*Task details*. Where a record contains a picture, omit it; otherwise reproduce the listing exactly.

*Information provided*.
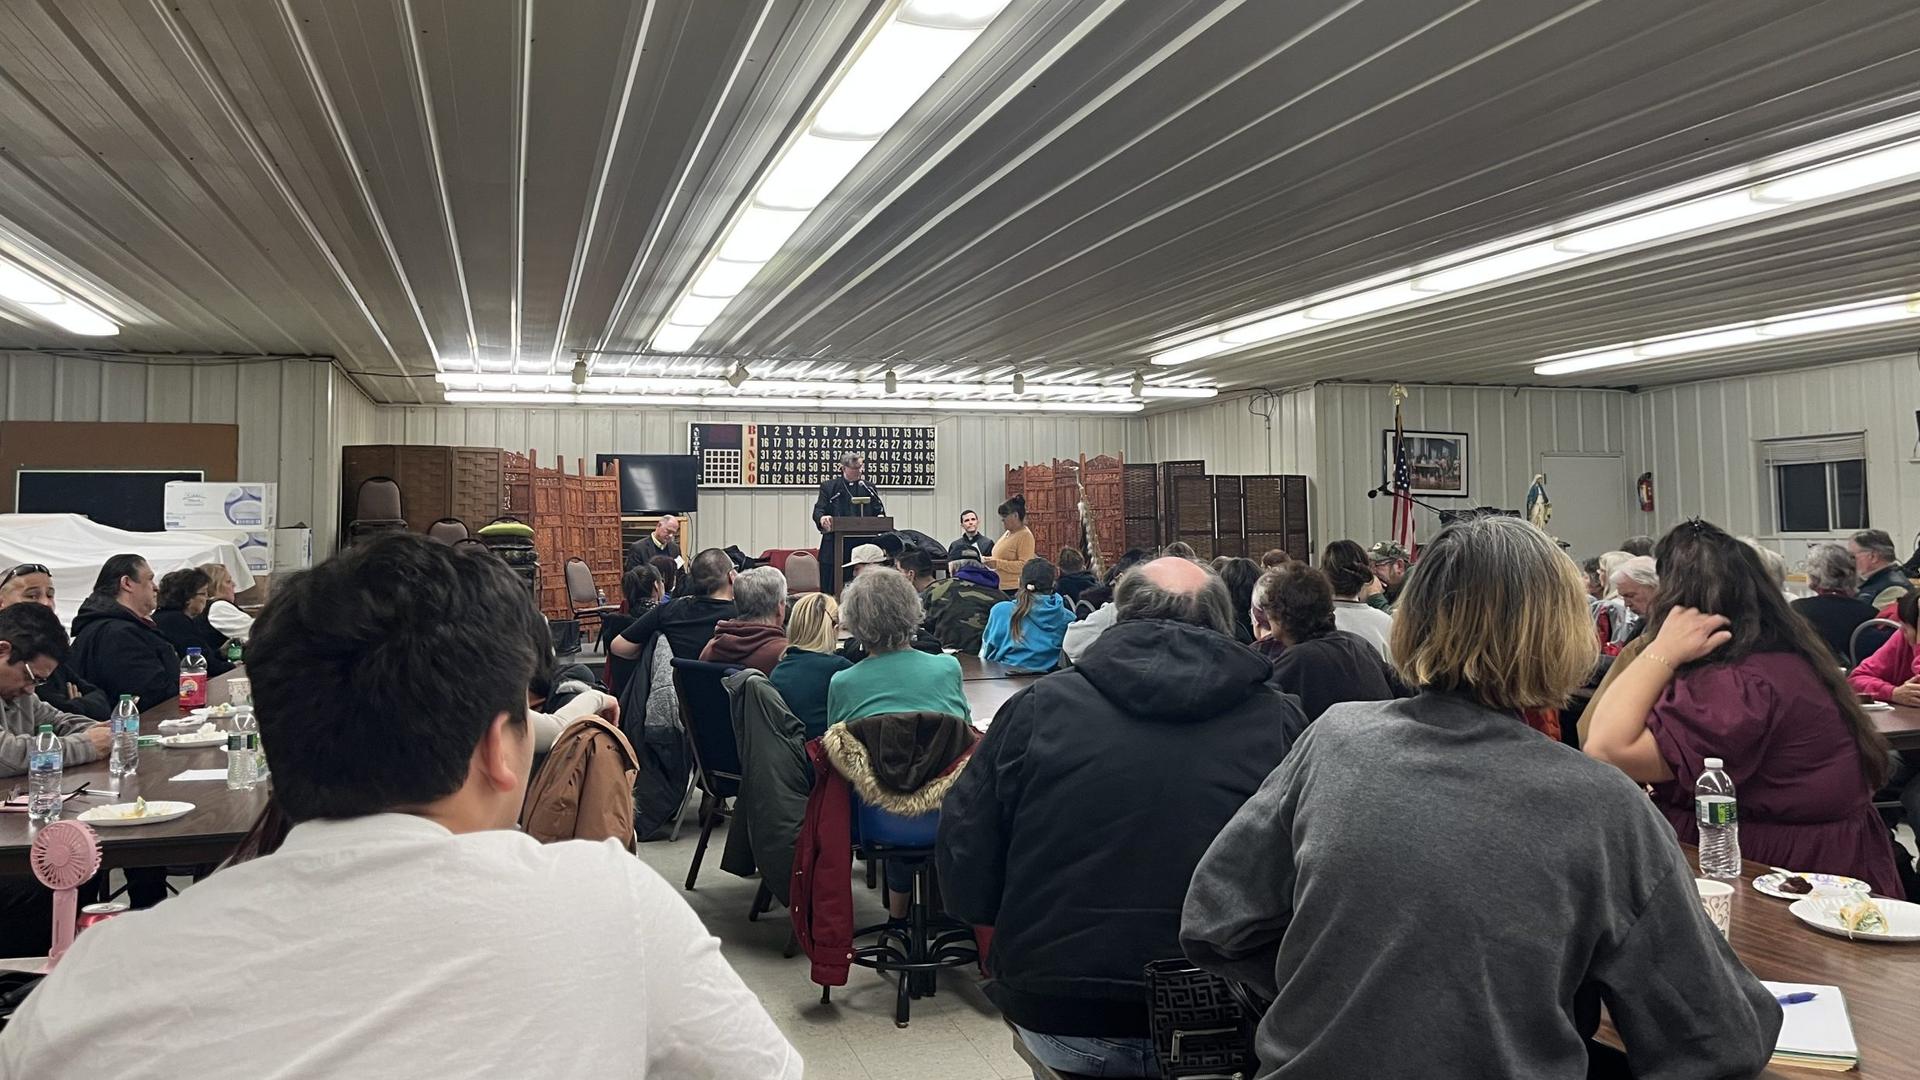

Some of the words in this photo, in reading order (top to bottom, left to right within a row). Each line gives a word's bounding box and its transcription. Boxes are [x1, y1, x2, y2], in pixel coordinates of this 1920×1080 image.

[763, 426, 767, 436] 1
[774, 426, 780, 436] 2
[787, 426, 792, 436] 3
[799, 426, 804, 436] 4
[811, 426, 816, 436] 5
[823, 426, 828, 437] 6
[835, 426, 840, 437] 7
[846, 427, 851, 437] 8
[858, 427, 863, 437] 9
[868, 427, 876, 437] 10
[881, 427, 887, 437] 11
[892, 427, 899, 437] 12
[904, 427, 911, 438] 13
[915, 427, 922, 438] 14
[927, 428, 935, 438] 15
[761, 438, 769, 448] 16
[773, 438, 781, 448] 17
[786, 438, 793, 448] 18
[798, 438, 805, 448] 19
[809, 438, 818, 448] 20
[822, 438, 829, 449] 21
[833, 438, 841, 449] 22
[845, 439, 853, 449] 23
[856, 439, 865, 449] 24
[868, 439, 876, 449] 25
[880, 439, 888, 449] 26
[891, 439, 900, 449] 27
[903, 439, 911, 450] 28
[915, 439, 923, 450] 29
[926, 440, 935, 450] 30
[748, 425, 756, 484] BINGO
[761, 450, 769, 460] 31
[773, 450, 781, 460] 32
[785, 450, 794, 460] 33
[797, 450, 805, 460] 34
[809, 450, 818, 461] 35
[821, 450, 830, 461] 36
[833, 451, 842, 461] 37
[868, 451, 877, 461] 40
[880, 451, 888, 461] 41
[892, 451, 900, 461] 42
[903, 451, 911, 462] 43
[915, 451, 923, 462] 44
[926, 452, 935, 462] 45
[760, 462, 769, 472] 46
[772, 462, 781, 472] 47
[785, 462, 794, 472] 48
[797, 462, 806, 472] 49
[809, 462, 818, 472] 50
[822, 462, 829, 473] 51
[833, 462, 842, 473] 52
[868, 463, 877, 473] 55
[880, 463, 888, 473] 56
[892, 463, 900, 473] 57
[903, 463, 911, 473] 58
[915, 463, 923, 473] 59
[926, 463, 935, 474] 60
[760, 474, 768, 484] 61
[772, 474, 781, 484] 62
[785, 474, 794, 484] 63
[797, 474, 806, 484] 64
[809, 474, 818, 484] 65
[868, 475, 877, 485] 70
[880, 475, 888, 485] 71
[892, 475, 900, 485] 72
[903, 475, 911, 485] 73
[915, 475, 923, 485] 74
[926, 475, 935, 485] 75

*Problem solution*.
Some of the words in this photo, in reading order (top to bottom, left to right within a row). Each line gives a word's bounding box and its transcription. Boxes are [x1, y1, x2, y2], in pixel coordinates of this 1920×1080 image.

[763, 426, 767, 436] 1
[774, 426, 780, 436] 2
[787, 426, 792, 436] 3
[799, 426, 804, 436] 4
[811, 426, 816, 436] 5
[823, 426, 828, 437] 6
[835, 426, 840, 437] 7
[846, 427, 851, 437] 8
[858, 427, 863, 437] 9
[868, 427, 876, 437] 10
[881, 427, 887, 437] 11
[892, 427, 899, 437] 12
[904, 427, 911, 438] 13
[915, 427, 922, 438] 14
[927, 428, 935, 438] 15
[761, 438, 769, 448] 16
[773, 438, 781, 448] 17
[786, 438, 793, 448] 18
[798, 438, 805, 448] 19
[809, 438, 818, 448] 20
[822, 438, 829, 449] 21
[833, 438, 841, 449] 22
[845, 439, 853, 449] 23
[856, 439, 865, 449] 24
[868, 439, 876, 449] 25
[880, 439, 888, 449] 26
[891, 439, 900, 449] 27
[903, 439, 911, 450] 28
[915, 439, 923, 450] 29
[926, 440, 935, 450] 30
[748, 425, 756, 484] BINGO
[761, 450, 769, 460] 31
[773, 450, 781, 460] 32
[785, 450, 794, 460] 33
[797, 450, 805, 460] 34
[809, 450, 818, 461] 35
[821, 450, 830, 461] 36
[833, 451, 842, 461] 37
[868, 451, 877, 461] 40
[880, 451, 888, 461] 41
[892, 451, 900, 461] 42
[903, 451, 911, 462] 43
[915, 451, 923, 462] 44
[926, 452, 935, 462] 45
[760, 462, 769, 472] 46
[772, 462, 781, 472] 47
[785, 462, 794, 472] 48
[797, 462, 806, 472] 49
[809, 462, 818, 472] 50
[822, 462, 829, 473] 51
[833, 462, 842, 473] 52
[868, 463, 877, 473] 55
[880, 463, 888, 473] 56
[892, 463, 900, 473] 57
[903, 463, 911, 473] 58
[915, 463, 923, 473] 59
[926, 463, 935, 474] 60
[760, 474, 768, 484] 61
[772, 474, 781, 484] 62
[785, 474, 794, 484] 63
[797, 474, 806, 484] 64
[809, 474, 818, 484] 65
[868, 475, 877, 485] 70
[880, 475, 888, 485] 71
[892, 475, 900, 485] 72
[903, 475, 911, 485] 73
[915, 475, 923, 485] 74
[926, 475, 935, 485] 75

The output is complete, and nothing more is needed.